Unfortunately, hypergrowth tech has been a less than ideal place to invest since Thanksgiving, and now into the 2022. Yet the companies of my interest continue to execute incredibly well. I look for hypergrowth to tell me the company can execute, then listen to what the company is telling me, what the financials are telling me, and what the products are telling me about where these platforms are going – all within the industries showing positive trends over the next few years.

For the bigger industry picture, I typically look through the lens of the big industry stewards like Gartner and Forrester – who are not always correct, but generally so, and are heavily utilized as guide rails by enterprise leadership on what technology trends to explore. Beyond those, I also keep an eye on surveys that look at what the tools and techniques are being heavily adopted by C-suite and decision-makers.

Let's look at what the reported trends are in cloud, network, and application security, and what looks likely to drive the next waves of success. For this industry, I trust Gartner heavily, who has been ahead of the curve in its view of perimeterless security. Spoiler: Security remains incredibly important, and Zero Trust and SASE are well-positioned for a lot more success over the coming years. Along the way, I will highlight some specific areas that relate to CrowdStrike, Zscaler, Cloudflare, and Datadog.

The App Economy Keeps Growing

Two slides stood out in Benedict Evan's latest state of technology report in Dec-21, "Three Steps to the Future", to show how the App and API Economies continue to soar.

SaaS usage continues to expand across industries, with the compliance-driven (heavily regulated) industries a bit more reluctant to adopt. There doesn't seem to be much bundling going on – more and more point solutions keep appearing, so the count continues to rise.
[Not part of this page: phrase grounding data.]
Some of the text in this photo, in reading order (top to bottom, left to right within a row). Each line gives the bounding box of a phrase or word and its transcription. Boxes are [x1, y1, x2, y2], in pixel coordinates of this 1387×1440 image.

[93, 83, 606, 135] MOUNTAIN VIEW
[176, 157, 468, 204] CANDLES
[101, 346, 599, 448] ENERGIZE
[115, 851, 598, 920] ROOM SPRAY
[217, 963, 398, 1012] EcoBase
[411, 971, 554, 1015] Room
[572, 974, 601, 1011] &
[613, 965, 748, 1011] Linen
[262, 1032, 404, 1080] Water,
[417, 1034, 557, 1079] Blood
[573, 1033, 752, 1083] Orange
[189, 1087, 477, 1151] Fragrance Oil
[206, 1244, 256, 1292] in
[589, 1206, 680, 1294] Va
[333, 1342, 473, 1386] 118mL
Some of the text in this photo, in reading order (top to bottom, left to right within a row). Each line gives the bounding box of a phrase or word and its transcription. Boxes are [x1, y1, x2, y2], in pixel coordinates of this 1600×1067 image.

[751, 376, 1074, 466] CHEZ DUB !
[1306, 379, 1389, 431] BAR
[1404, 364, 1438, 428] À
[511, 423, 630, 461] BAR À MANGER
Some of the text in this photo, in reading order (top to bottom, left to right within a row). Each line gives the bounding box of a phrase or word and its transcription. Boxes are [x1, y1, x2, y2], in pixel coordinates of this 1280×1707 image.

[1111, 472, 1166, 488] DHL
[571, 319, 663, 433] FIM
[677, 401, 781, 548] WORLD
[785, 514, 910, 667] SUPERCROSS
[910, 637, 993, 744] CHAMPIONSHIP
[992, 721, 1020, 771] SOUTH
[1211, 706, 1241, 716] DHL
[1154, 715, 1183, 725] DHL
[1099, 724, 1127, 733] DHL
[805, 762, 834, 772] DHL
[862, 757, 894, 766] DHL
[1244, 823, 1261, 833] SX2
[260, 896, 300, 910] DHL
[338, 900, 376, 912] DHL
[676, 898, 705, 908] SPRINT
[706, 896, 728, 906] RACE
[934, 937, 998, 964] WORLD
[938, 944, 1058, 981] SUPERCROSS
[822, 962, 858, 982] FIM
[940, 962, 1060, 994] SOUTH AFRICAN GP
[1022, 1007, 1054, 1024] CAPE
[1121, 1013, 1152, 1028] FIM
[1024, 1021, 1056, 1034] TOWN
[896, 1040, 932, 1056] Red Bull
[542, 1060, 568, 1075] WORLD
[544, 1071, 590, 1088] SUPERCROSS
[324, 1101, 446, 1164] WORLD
I find it interesting that the use of SaaS tooling is expanding most heavily in security and engineering (DevOps) teams. Reading between the lines – with the continued adoption of all these SaaS tools, the network perimeter keeps on expanding, and the need for identity-based security features, such as Zero Trust, continue to grow.

How many SaaS tools are being utilized? Productiv, a SaaS tool mgmt and governance platform, released the latest The State of SaaS Sprawl report in Sep-21, from anonymized data in their platform.  They state that organizations are using a huge number of SaaS tools, with each department using 40-60 on average, resulting in an average of 254 across the entire company – or up to 364 SaaS tools used in the largest enterprises. Yow!

The focus of their survey was Shadow IT concerns – where enterprise users are using unsanctioned (shadow) apps that aren't being properly managed by IT. They report on average that 56% of utilized enterprise apps (+4pp YoY) are unmanaged, most heavily in smaller companies. Of the resulting IT-managed apps, 70% are behind an SSO (Single Sign-On), such as Okta, for access.

Controlling access to only sanctioned apps is what CASB (Cloud Access Security Broker, to govern SaaS access) tools are attempting to address. I also expect the continued rise of SaaS tools to see an uptake of SaaS-focused DLP (Data Loss Protection, to govern data access) solutions, to better hone the governance and control over the underlying data being accessed across these tools. Remote Browser Isolation (RBI) is also gaining in importance – especially given the recent performance gains in the latest generation of tools, powered by edge networks – as it provides a sandbox that lessens the threat exposure of using the public Internet.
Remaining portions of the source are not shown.